A Queda de Inventos Aeroespaciais e a Responsabilidade Cívil

José Márcio de Almeida
josemarciodealmeida@yahoo.com.br
Advogado - Belo Horizonte - MG

Lendo o interessante artigo do astrônomo mineiro Antônio Rosa Campos (1) acerca do retorno, ou melhor, sobre a queda da sonda russa Phobus-Grunt lançada ao espaço no dia 08 de novembro último, chamou-nos a atenção o anúncio da criação e comercialização, à época, pela Companhia de Seguros Previdência do Sul, de um seguro contra a queda dos restos do satélite Skylab.

Antes da reentrada na atmosfera terrestre dos restos do satélite Skylab, a exemplo do acontece agora com a Phobus-Grunt, não era e não é possível precisar quando e onde os fragmentos cairiam ou irão cair. Quanto à Phobus-Grunt sabe-se apenas que cairá na Terra entre os dias 06 e 19 de janeiro de 2012.

Não tenho notícia de que hoje seja comercializada outra apólice de seguro que vise nos resguardar sobre o eventual dano causado pela queda de parte do aludido satélite, aliás, pouco se fala na grande mídia acerca do episódio. Sem a cobertura de um seguro, ficamos tentados a esclarecer de quem seria a responsabilidade se eventualmente restos do satélite viesse a cair sobre o solo brasileiro.

O Brasil é membro, desde a sua fundação em 1959, do Comitê da ONU para o Uso Pacífico do Espaço, o COPUOS, o que significa dizer que nosso país participou da elaboração dos principais tratados, convenções e resoluções sobre os temas relacionados à utilização do espaço sideral.

Dos cinco principais tratados, assinamos e ratificamos três, quais sejam: o Tratado sobre os Princípios Reguladores das Atividades dos Estados na Exploração e Uso do Espaço Exterior, inclusive a Lua e demais Corpos Celestes, de 1967, o Acordo sobre Salvamento de Astronautas e Restituição de Astronautas e Objetos lançados ao Espaço Exterior, de 1968 e a Convenção sobre Responsabilidade Internacional por Danos Causados por Objetos Espaciais, de 1972.

Nosso ordenamento jurídico, por meio da Constituição da República de 1988 (2) prevê que cabe ao Congresso Nacional resolver definitivamente sobre tratados, acordos ou atos internacionais de que o Brasil seja signatário. Assim, o Congresso Nacional aprova, ou não, e após o Presidente da República o ratifica.

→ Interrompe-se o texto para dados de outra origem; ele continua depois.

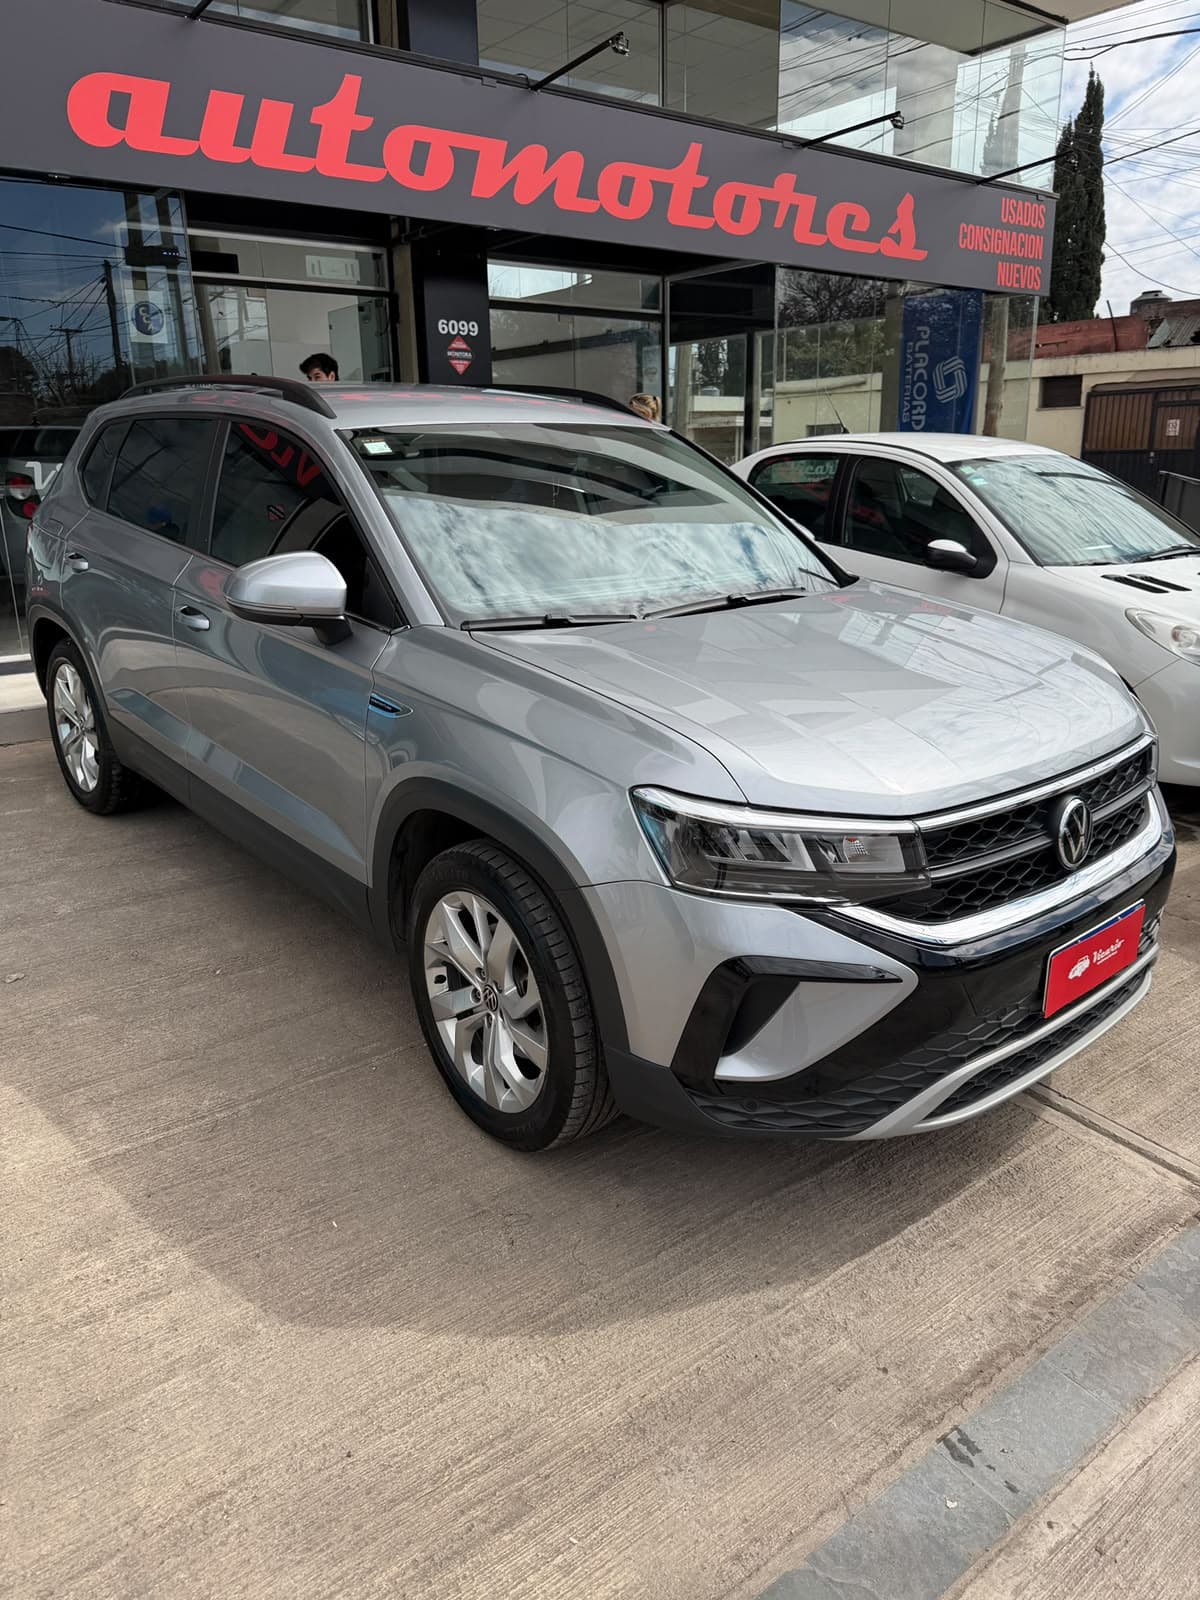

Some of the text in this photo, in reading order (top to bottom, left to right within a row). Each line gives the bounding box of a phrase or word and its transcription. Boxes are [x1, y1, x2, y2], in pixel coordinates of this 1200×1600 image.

Em apertada síntese, podemos dizer que, ratificado o tratado, este passa a vigorar, no ordenamento jurídico nacional, como norma jurídica paritária, ou seja, torna-se um paradigma para as leis nacionais e diplomas jurídicos de grau equivalente.

Entretanto, cumpre-nos ressalvar que o Brasil não assinou a Convenção sobre Registro de Objetos lançados ao Espaço Exterior, de 1975, nem o Acordo sobre as Atividades dos Estados na Lua e nos Corpos Celestes, de 1979.

Quero acreditar que as apólices de seguros de vida, de veículos ou de imóveis não contemplem, em suas coberturas, os danos causados por quedas de satélites artificiais lançados ao espaço sideral. Ora, em sendo assim, não teríamos um diploma jurídico que nos socorresse se, eventualmente, parte da sonda Phobus-Grunt caísse sobre um ente querido ou sobre bem de nossa propriedade?

Ainda que a probabilidade matemática de que tal evento venha a ocorrer seja mínima, razoável que nos rendamos à seara romântica que o tema suscita.

Mas, e o espaço aéreo nacional? Afinal, o objeto cairá do céu!...

O denominado espaço aéreo nacional é uma faixa atmosférica que se sobrepõe ao território do país até o limite de 100 km de altitude, o que exclui, portanto, os objetos, satélites, foguetes e sondas que orbitam acima deste limite.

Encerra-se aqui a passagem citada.